## Work instructions
Write out the line that contains "this 1344×1512 image.", then every following line to the end of the records below, with no other lines and no changes.

Spatial localization data
== == ==

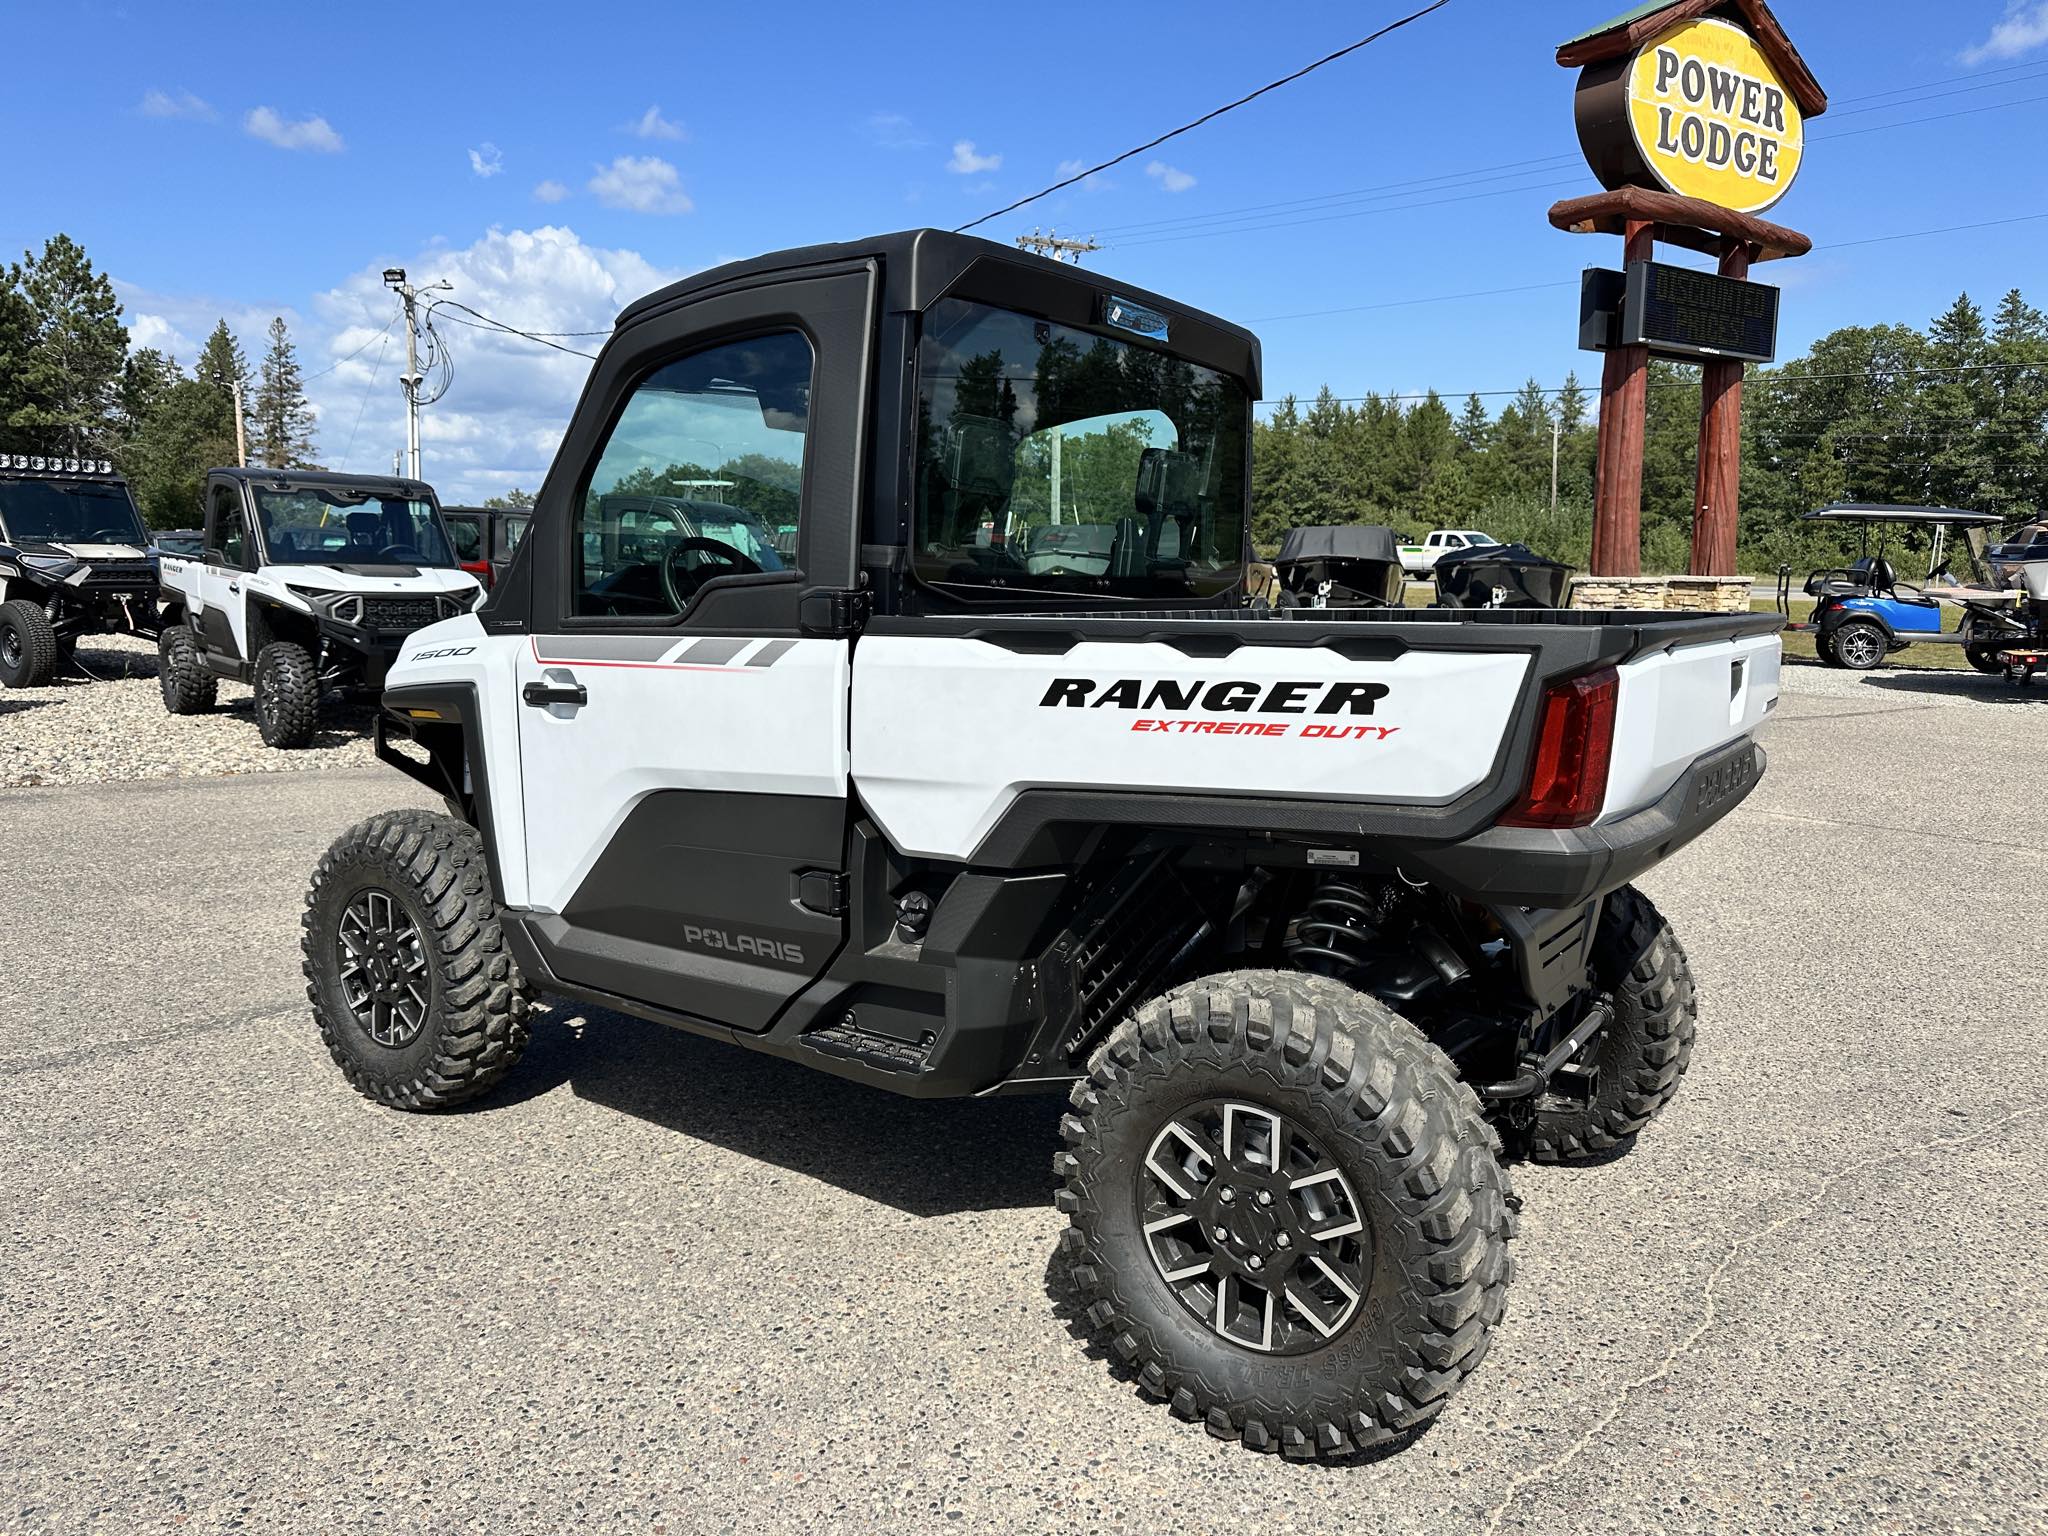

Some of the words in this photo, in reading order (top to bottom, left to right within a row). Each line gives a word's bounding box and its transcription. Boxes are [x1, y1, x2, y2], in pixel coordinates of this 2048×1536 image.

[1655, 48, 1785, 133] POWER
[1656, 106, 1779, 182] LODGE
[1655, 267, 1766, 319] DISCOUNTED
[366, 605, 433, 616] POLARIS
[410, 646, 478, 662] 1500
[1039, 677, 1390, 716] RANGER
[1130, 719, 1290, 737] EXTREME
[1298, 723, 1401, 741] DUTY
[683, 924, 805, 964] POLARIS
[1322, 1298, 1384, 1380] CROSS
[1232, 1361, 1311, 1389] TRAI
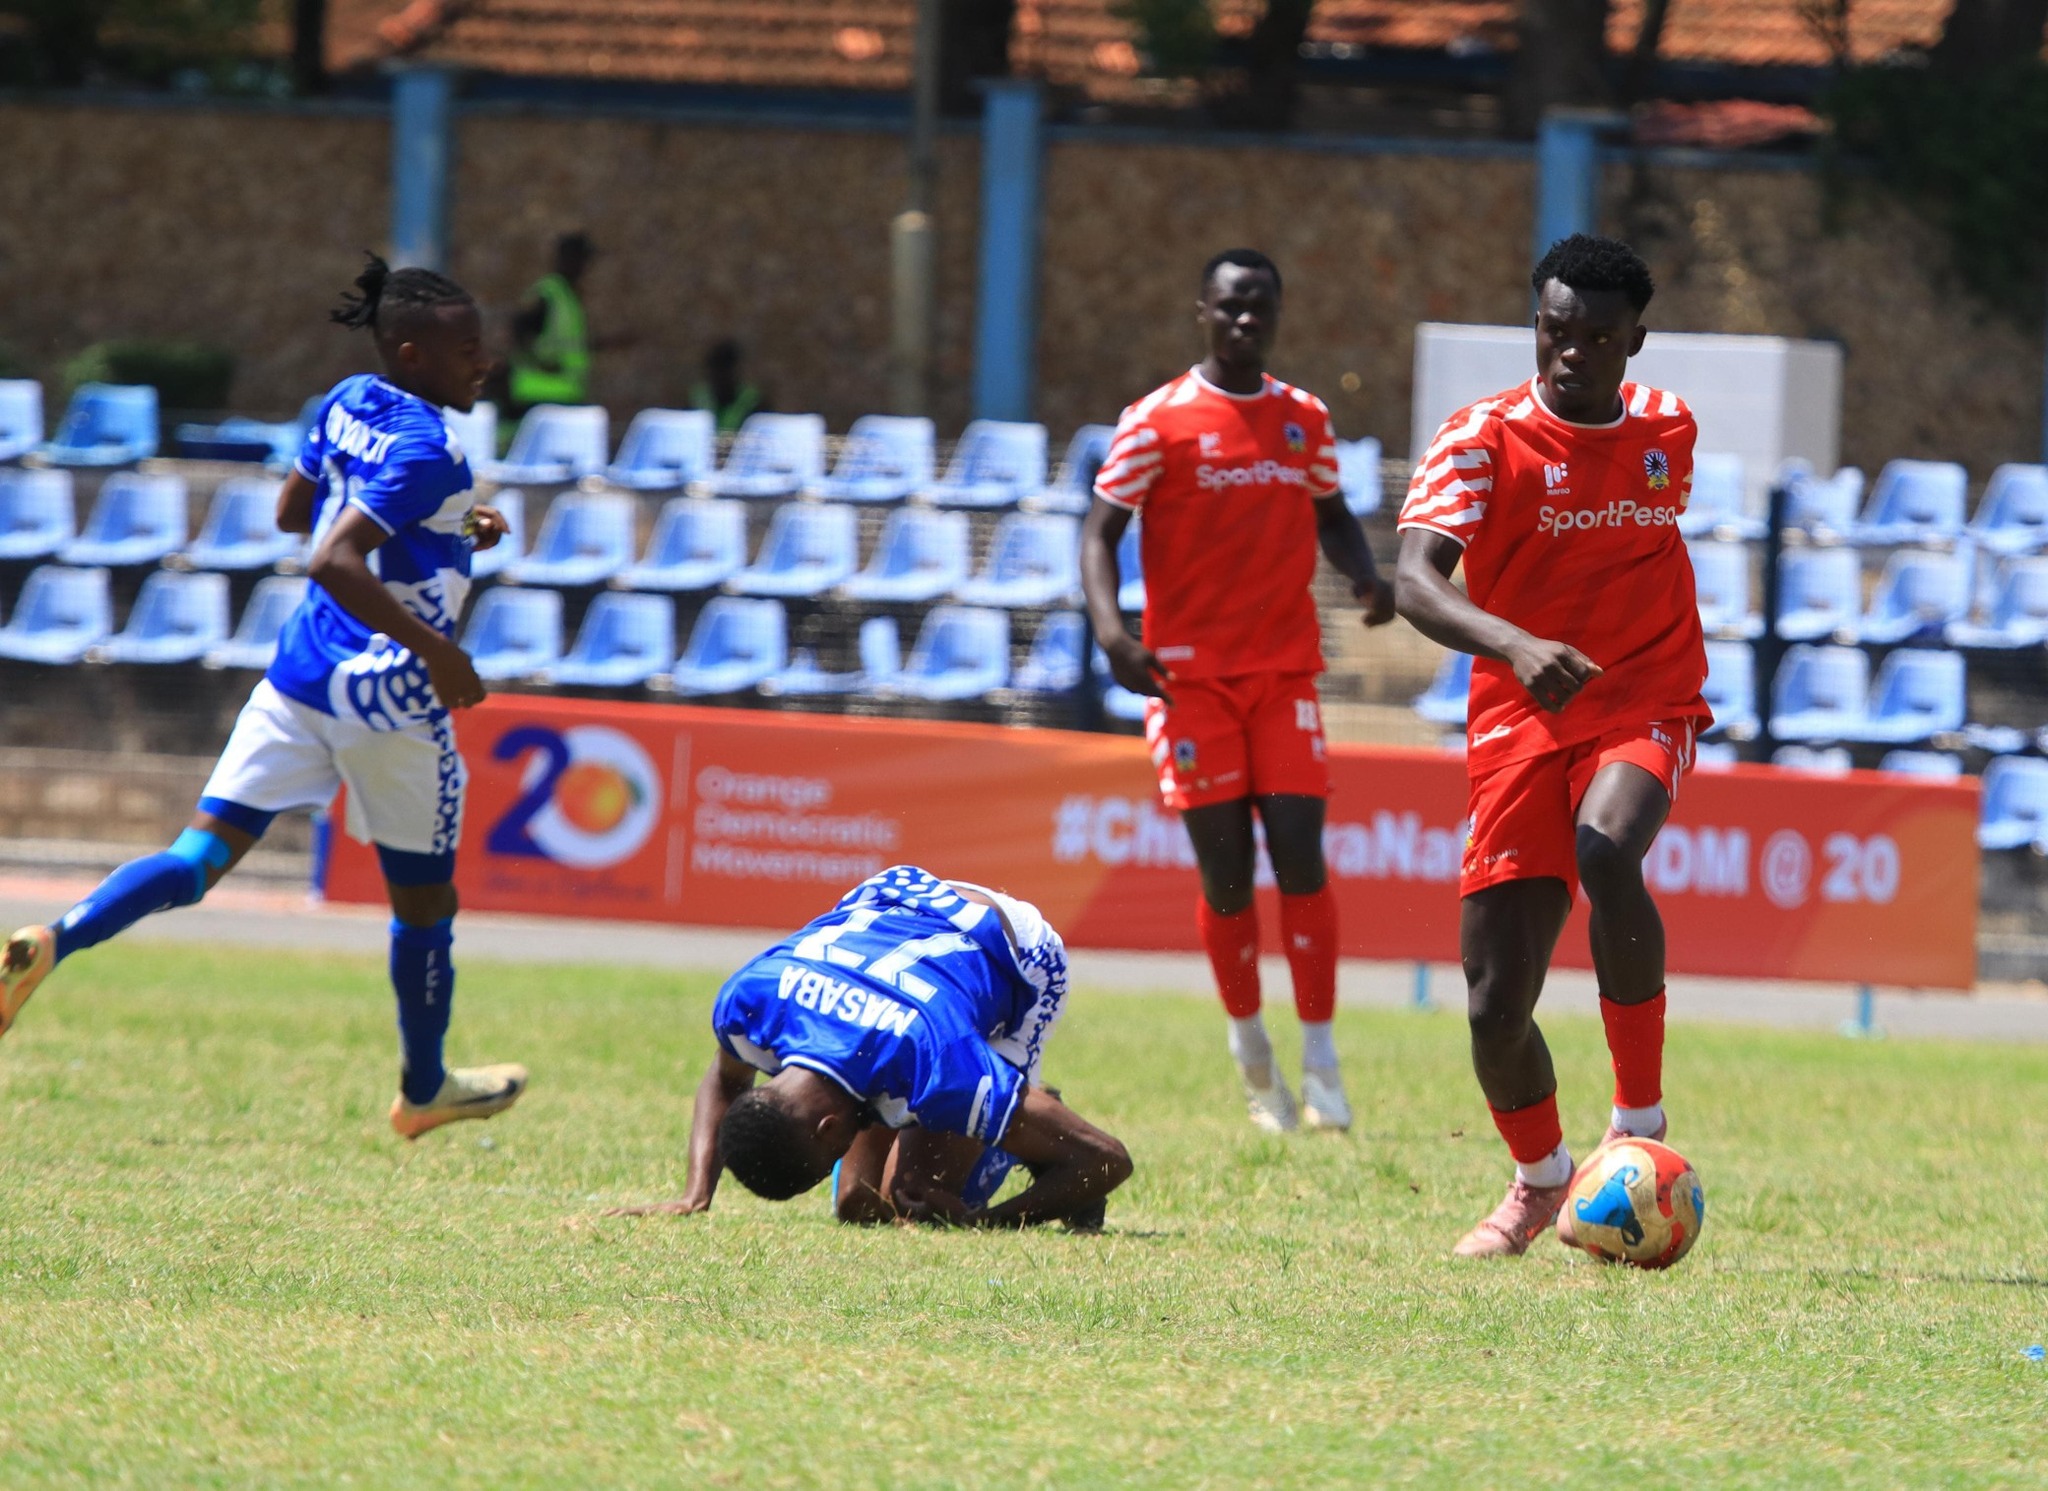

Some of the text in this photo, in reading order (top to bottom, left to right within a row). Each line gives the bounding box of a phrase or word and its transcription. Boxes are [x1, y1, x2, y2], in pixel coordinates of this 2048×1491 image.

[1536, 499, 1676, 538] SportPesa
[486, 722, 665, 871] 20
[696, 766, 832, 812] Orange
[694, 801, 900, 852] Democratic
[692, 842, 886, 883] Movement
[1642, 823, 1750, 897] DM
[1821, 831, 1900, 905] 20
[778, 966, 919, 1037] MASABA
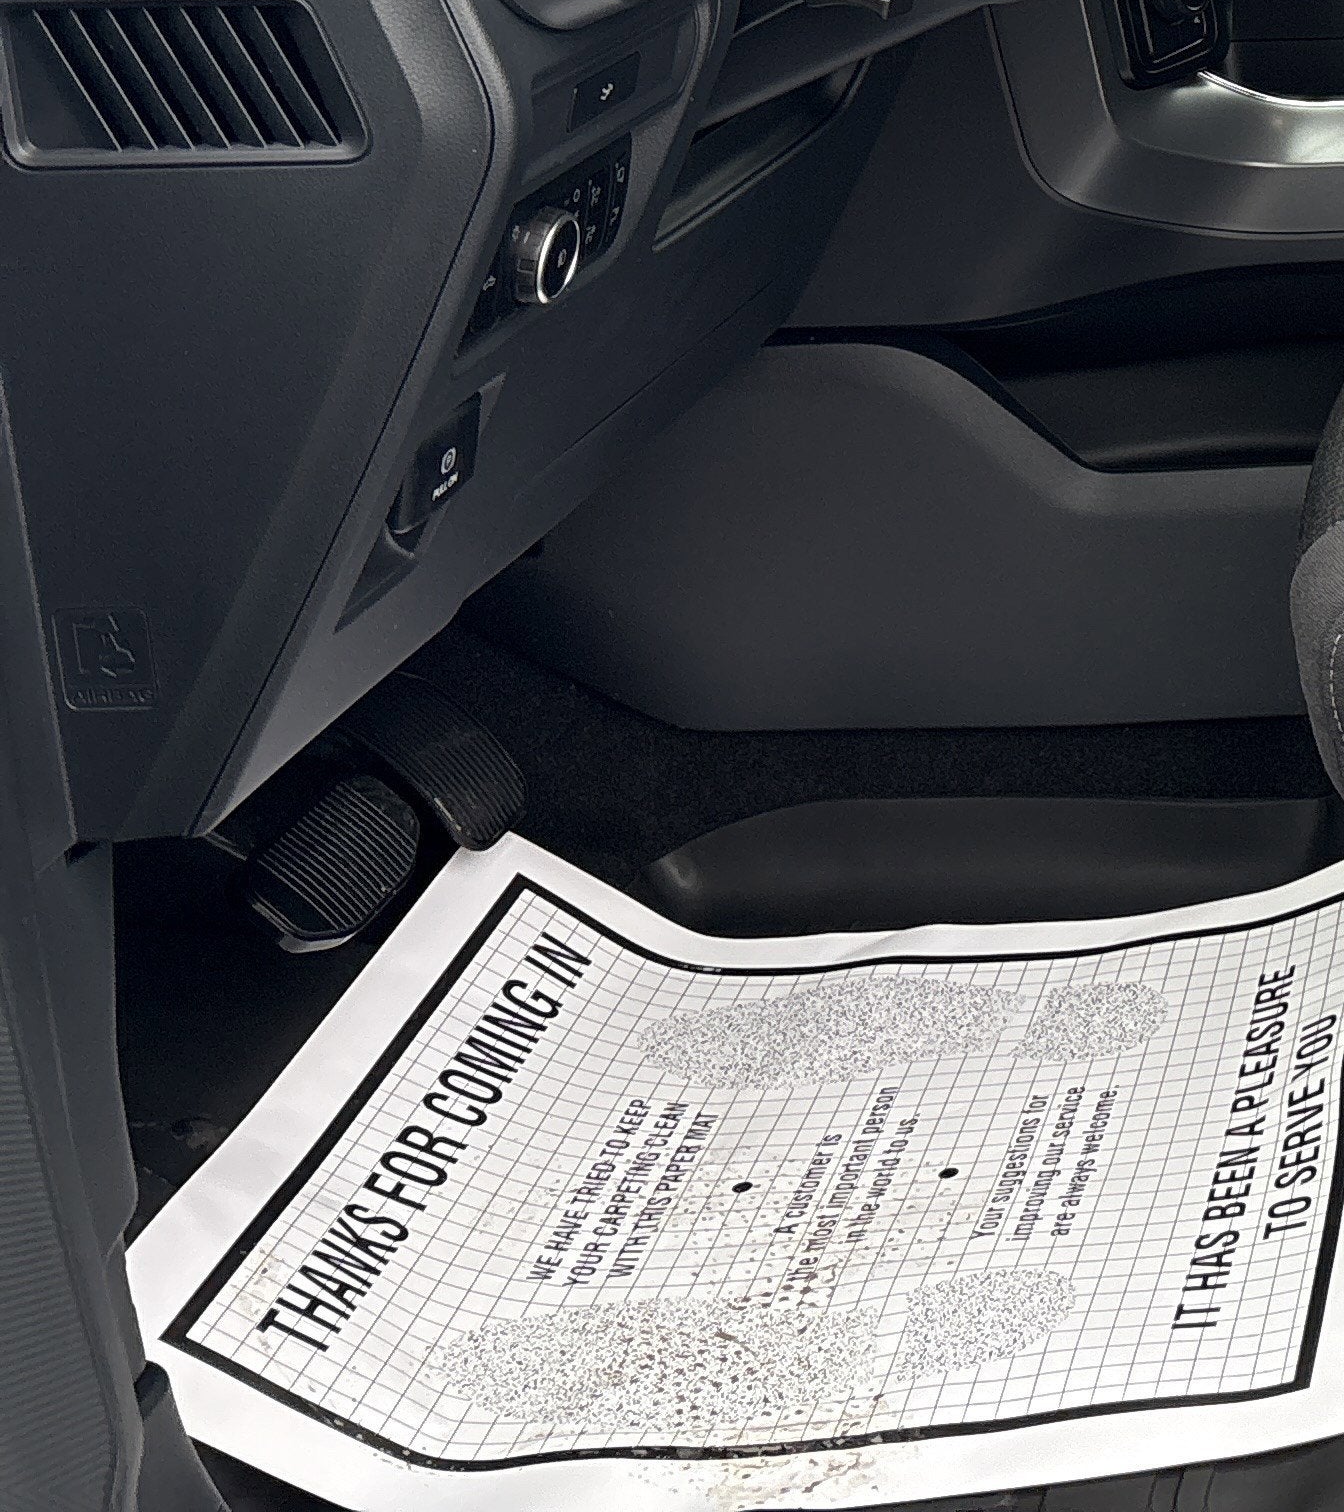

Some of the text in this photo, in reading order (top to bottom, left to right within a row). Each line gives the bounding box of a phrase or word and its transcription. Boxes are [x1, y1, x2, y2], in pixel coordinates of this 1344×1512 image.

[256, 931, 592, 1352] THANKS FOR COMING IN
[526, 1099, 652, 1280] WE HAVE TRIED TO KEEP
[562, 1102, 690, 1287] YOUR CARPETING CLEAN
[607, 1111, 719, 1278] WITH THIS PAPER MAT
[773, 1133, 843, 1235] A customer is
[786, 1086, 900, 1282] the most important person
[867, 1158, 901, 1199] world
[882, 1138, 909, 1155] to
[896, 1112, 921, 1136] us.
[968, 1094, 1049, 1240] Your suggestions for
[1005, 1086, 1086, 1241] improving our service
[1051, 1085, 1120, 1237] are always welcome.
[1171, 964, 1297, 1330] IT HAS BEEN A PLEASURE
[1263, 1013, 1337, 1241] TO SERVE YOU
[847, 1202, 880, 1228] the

== == ==

## Task solution
Some of the text in this photo, in reading order (top to bottom, left to right within a row). Each line gives the bounding box of a phrase or word and its transcription. Boxes are [x1, y1, x2, y2], in pixel coordinates of this 1344×1512 image.

[256, 931, 592, 1352] THANKS FOR COMING IN
[526, 1099, 652, 1280] WE HAVE TRIED TO KEEP
[562, 1102, 690, 1287] YOUR CARPETING CLEAN
[607, 1111, 719, 1278] WITH THIS PAPER MAT
[773, 1133, 843, 1235] A customer is
[786, 1086, 900, 1282] the most important person
[867, 1158, 901, 1199] world
[882, 1138, 909, 1155] to
[896, 1112, 921, 1136] us.
[968, 1094, 1049, 1240] Your suggestions for
[1005, 1086, 1086, 1241] improving our service
[1051, 1085, 1120, 1237] are always welcome.
[1171, 964, 1297, 1330] IT HAS BEEN A PLEASURE
[1263, 1013, 1337, 1241] TO SERVE YOU
[847, 1202, 880, 1228] the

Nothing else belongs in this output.